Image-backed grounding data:
┄┄┄┄┄┄┄┄┄┄┄┄┄┄┄┄┄┄┄┄

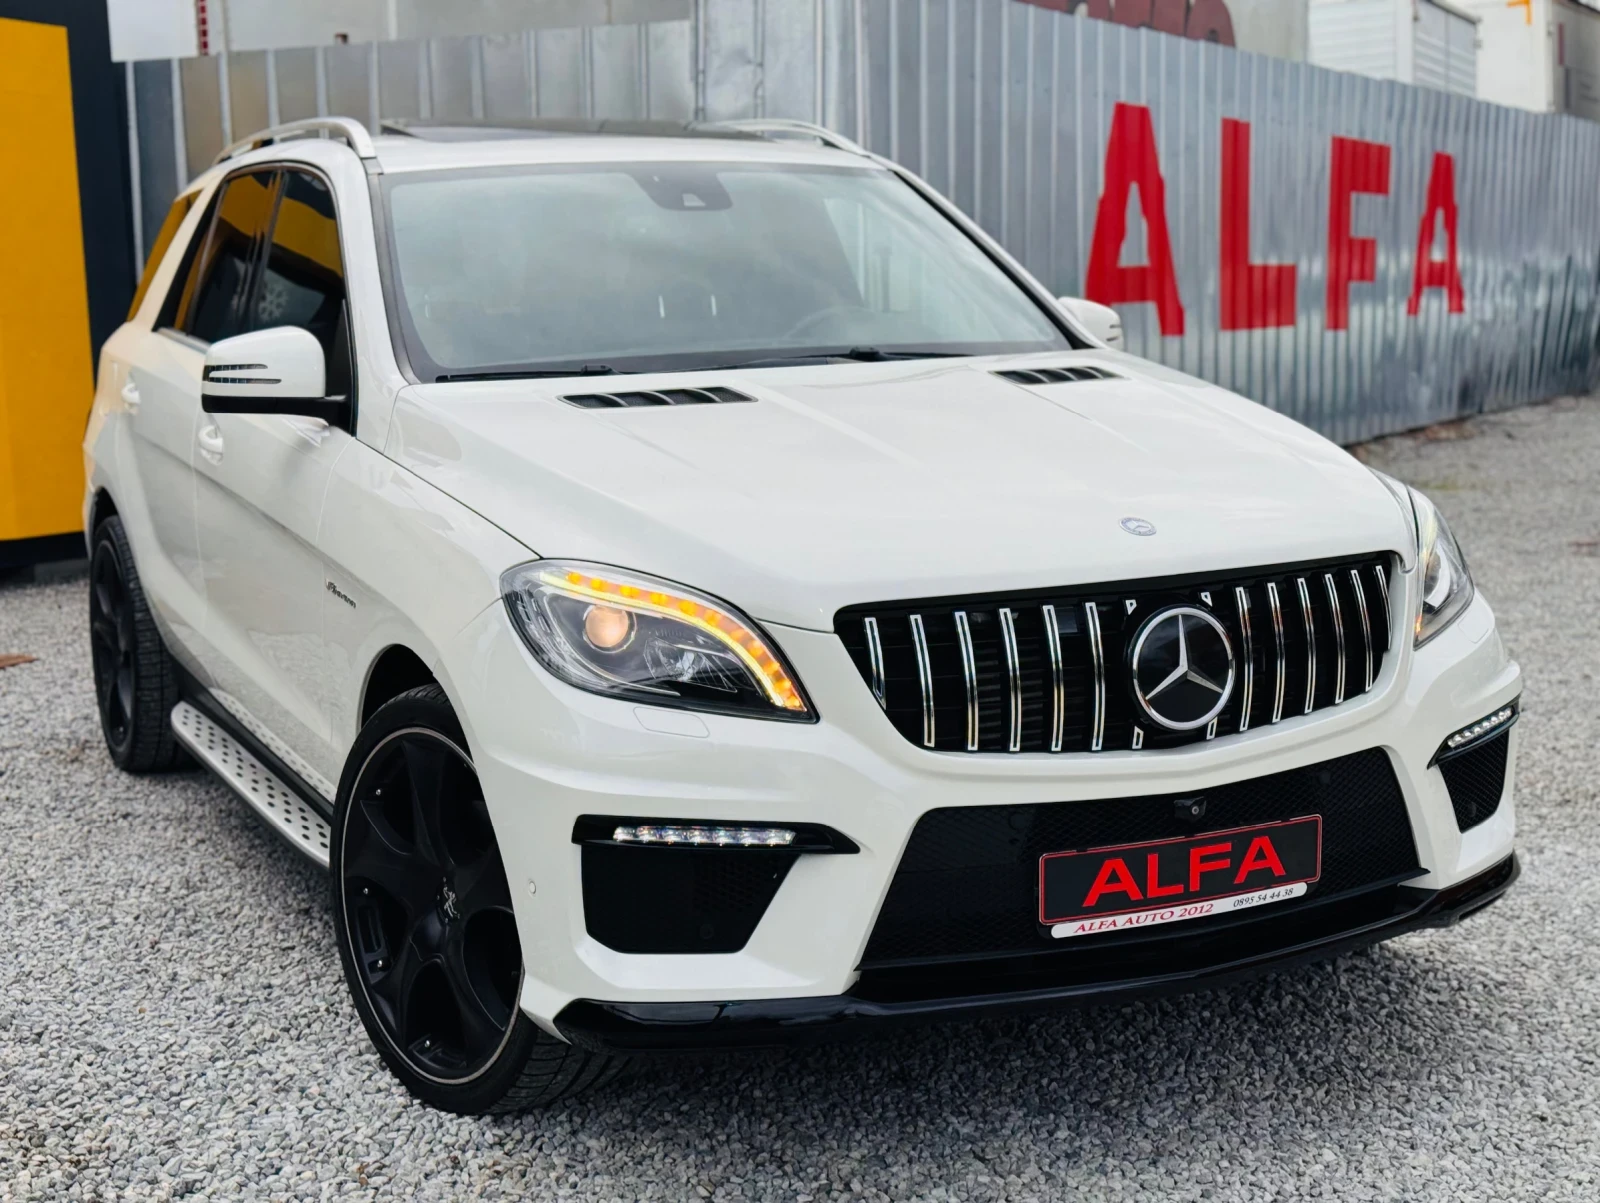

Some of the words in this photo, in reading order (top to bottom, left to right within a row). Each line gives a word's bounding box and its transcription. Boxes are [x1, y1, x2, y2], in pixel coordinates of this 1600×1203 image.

[1085, 101, 1464, 337] ALFA
[1082, 836, 1286, 907] ALFA
[1073, 919, 1118, 933] ALFA
[1121, 911, 1175, 926] AUTO
[1178, 903, 1214, 917] 2012
[1233, 896, 1255, 908] 0895
[1256, 893, 1267, 902] 54
[1269, 891, 1281, 899] 44
[1283, 888, 1294, 897] 38
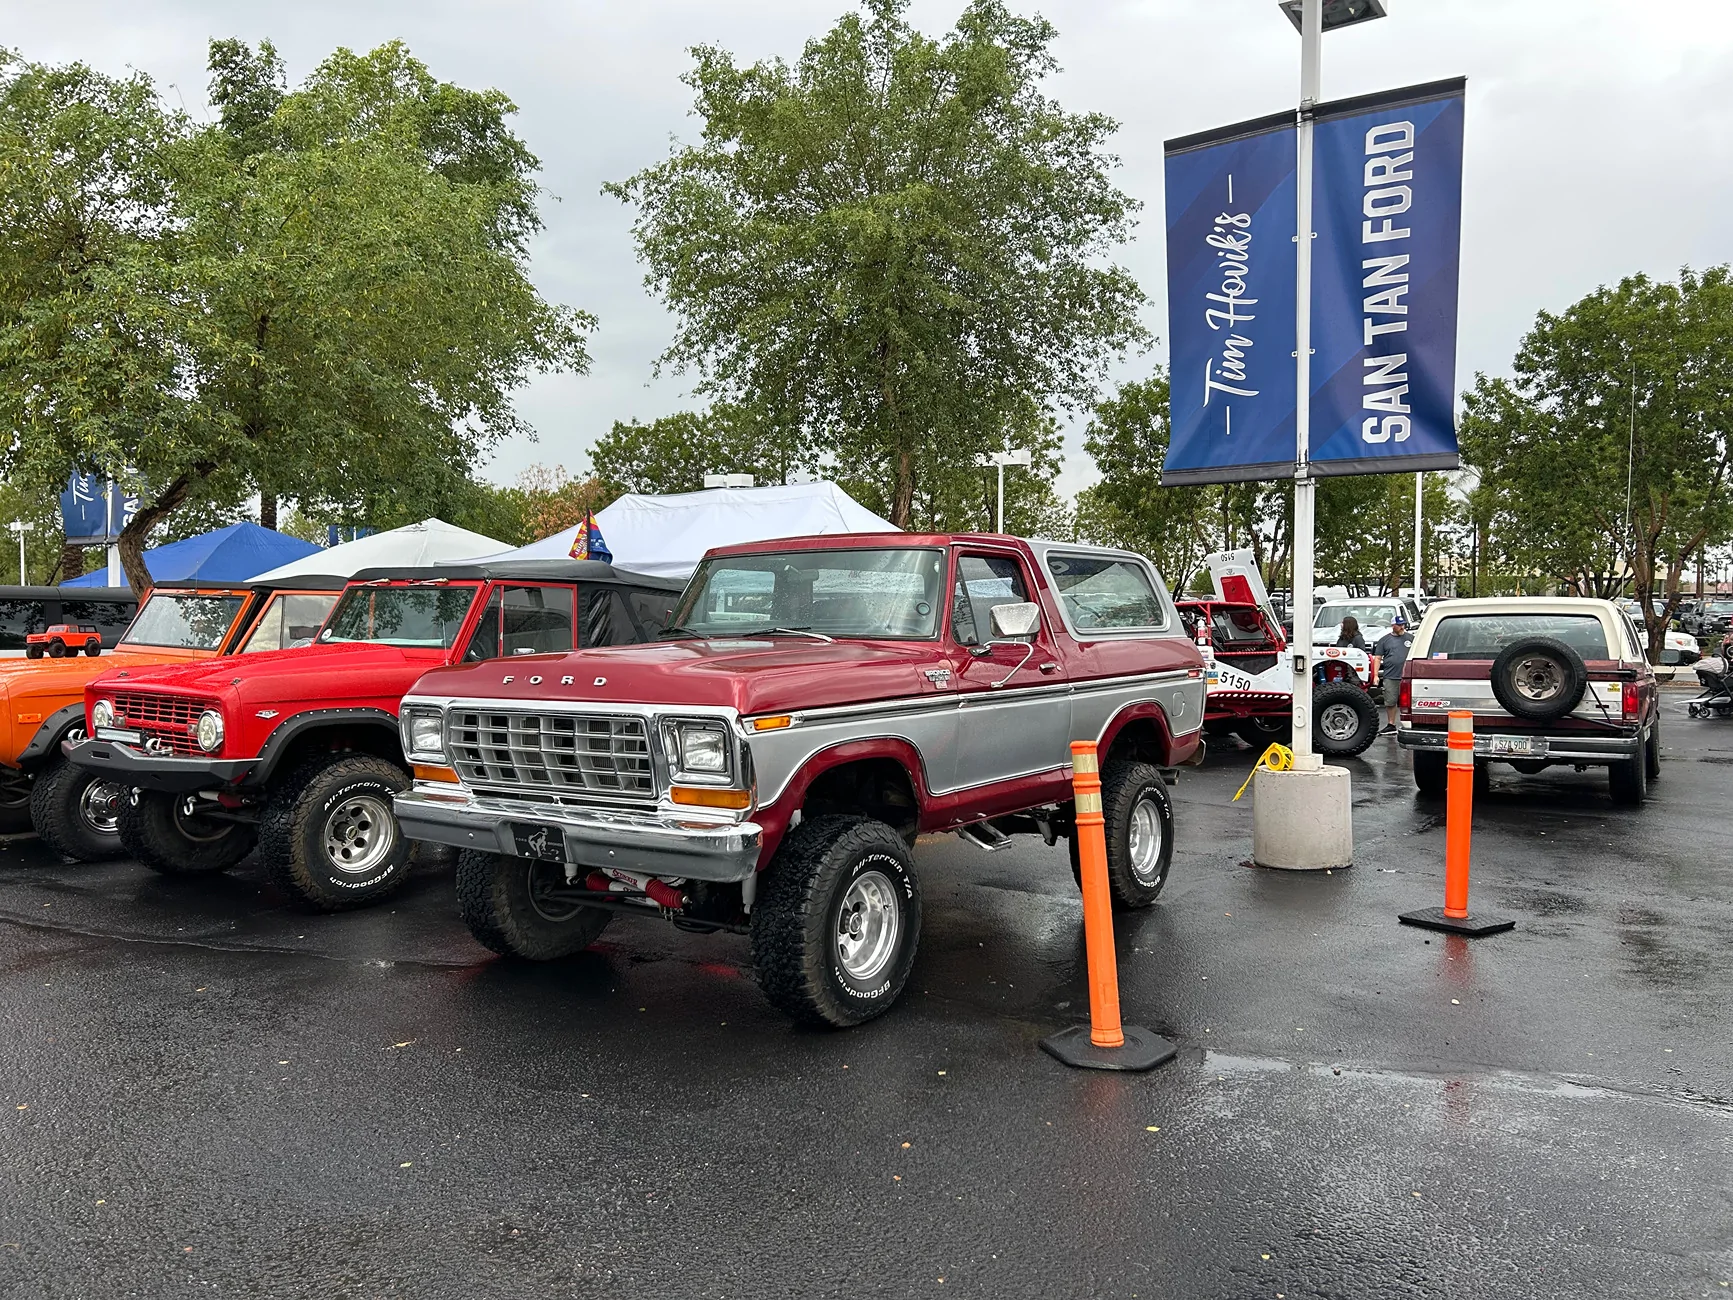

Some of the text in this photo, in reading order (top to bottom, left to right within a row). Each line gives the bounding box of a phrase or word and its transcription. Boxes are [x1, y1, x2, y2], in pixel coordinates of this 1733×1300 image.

┄┄┄┄┄┄┄┄┄┄┄┄┄┄┄┄┄┄┄┄

Work to be completed -
Write out the entries above verbatim, without pictures.

Result for this task -
Some of the words in this photo, in reading order (top to bottom, left to right within a row). Each line gives a word's bounding box and its transcription. Boxes are [x1, y1, x2, y2], in pixel coordinates of this 1600×1203 image.

[1085, 101, 1464, 337] ALFA
[1082, 836, 1286, 907] ALFA
[1073, 919, 1118, 933] ALFA
[1121, 911, 1175, 926] AUTO
[1178, 903, 1214, 917] 2012
[1233, 896, 1255, 908] 0895
[1256, 893, 1267, 902] 54
[1269, 891, 1281, 899] 44
[1283, 888, 1294, 897] 38

Some of the text in this photo, in reading order (top to bottom, left to right within a row). Each line gives the bounding box of a phrase or word and its transcription. Boxes are [x1, y1, x2, y2], in pixel coordinates of this 1733×1300 image.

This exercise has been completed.